AOT allows someone to be ordered by a court into community mental health treatment. This primarily helps those with the severest forms of schizophrenia or bipolar disorder, often people who are so sick they cannot make a rational treatment decision or even recognize their own illness.

Studies show this law saves lives, reduces hospitalizations, reduces arrests and improves quality of life for the small population it helps. The legislation is full of safeguards against it ever being applied to any but the most dire of situations.

New Mexico's departments of Human Services and Health, along with the rest of the state's Behavioral Health Collaborative, recently heard from panels of state and national experts on AOT. After nine hours of talking, the conclusion for some seemed to be that we need to talk some more.

Now, we should be clear. These laws are proven to work.

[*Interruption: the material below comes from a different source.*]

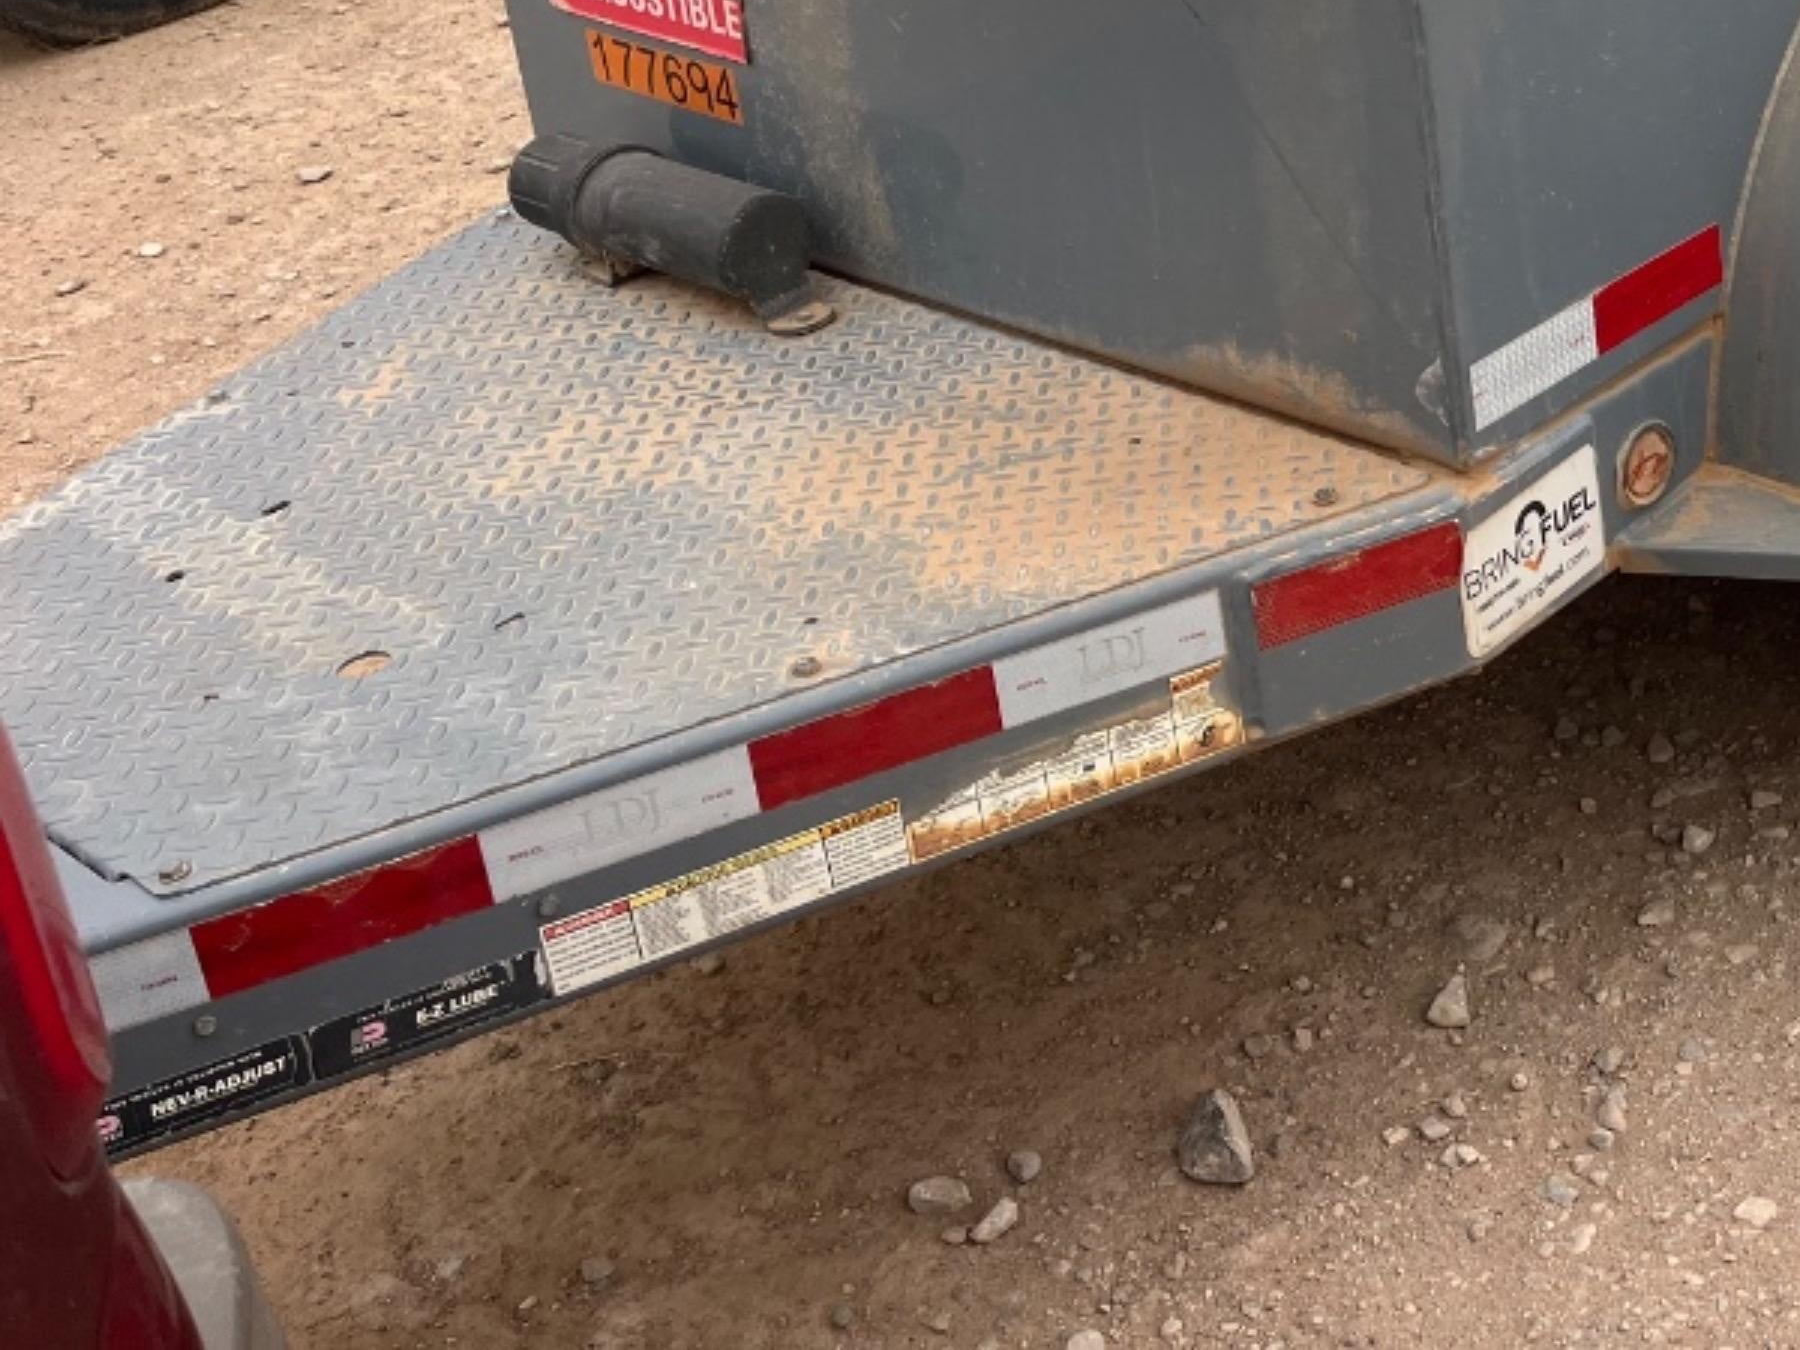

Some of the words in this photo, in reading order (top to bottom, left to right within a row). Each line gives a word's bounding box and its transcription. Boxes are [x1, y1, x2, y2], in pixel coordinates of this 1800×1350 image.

[593, 32, 740, 121] 177694
[1463, 528, 1534, 601] BRING
[1540, 486, 1597, 546] FUEL
[150, 1055, 287, 1118] NEV-R-ADJUST

Kendra's Law has been considered at length already and made it to the House floor where it passed 62-0. With time running out, it even made it through the Senate committee process and to the majority floor leader's desk, where it died at the end of the session.

But time is the one thing lacking for people whom Kendra's Law would help — about 75 of New Mexico's sickest citizens, some homeless, some living wherever they can, need treatment today.

Since Kendra's Law stalled last session, we have been working with stakeholders from the behavioral health community to help them see past the misinformation and hear their suggestions to further improve the bill.

We've been supported by U.S. Sen. Pete Domenici, countless family members and law enforcement officers too often called upon to handle people in psychotic crises whom the mental health community has failed. We have faith that the governor, who placed this proposal on the call of the last session in the first place, will sign Kendra's Law if we can get it past the Santa Fe insiders and to his desk.

This broad coalition of supporters has crossed party lines in their agreement that passage of an AOT law in New Mexico is critical, if we are to have a way to help the mentally ill whose own insight into the disease is being blocked by the disease itself — too often with tragic results.

We really don't have the time to wait until someone's danger to themselves or others becomes imminent before we intervene on their behalf. This isn't just about high profile homicides, but also suicides and victimization.

Nobody argues that public resources for the mentally ill are presently adequate in New Mexico, and those who say that more resources will make AOT more effective certainly have a valid point. But more money will make any program more effective — and this proposal is really quite distinct from questions of increased public support for services.

The bottom line is that AOT in and of itself is a good idea. It will make the mental health services we already have more efficient. Additional funding will only make it effective for even more people.

The question is, will the residents of Doña Ana County be able to benefit from this important legislation?

We believe so. We hope the law will pass statewide this session. But Albuquerque, where an additional $21 million has already been appropriated over the last three budget cycles to prevention and intervention services, has decided it cannot wait for Santa Fe to act. An AOT ordinance was recently passed there.

But that won't do much to help Doña Ana County residents who are in dire need right now. Kendra's Law would be more effective if it could be utilized statewide, rather than in a patchwork fashion depending on what part of the town or county someone lived in.

Tales of insider politicking, bids for more money, and academic theories about services seem cold and heartless when you are desperate to get treatment for someone you love. We think that is inexcusable, and hope you will join us to bring Kendra's Law not just to Albuquerque, but to the whole state. Too many suffering people are almost out of time.

Martin Chávez is mayor of Albuquerque; Joni Gutierrez, of Mesilla, is state representative from Doña Ana County's District 33.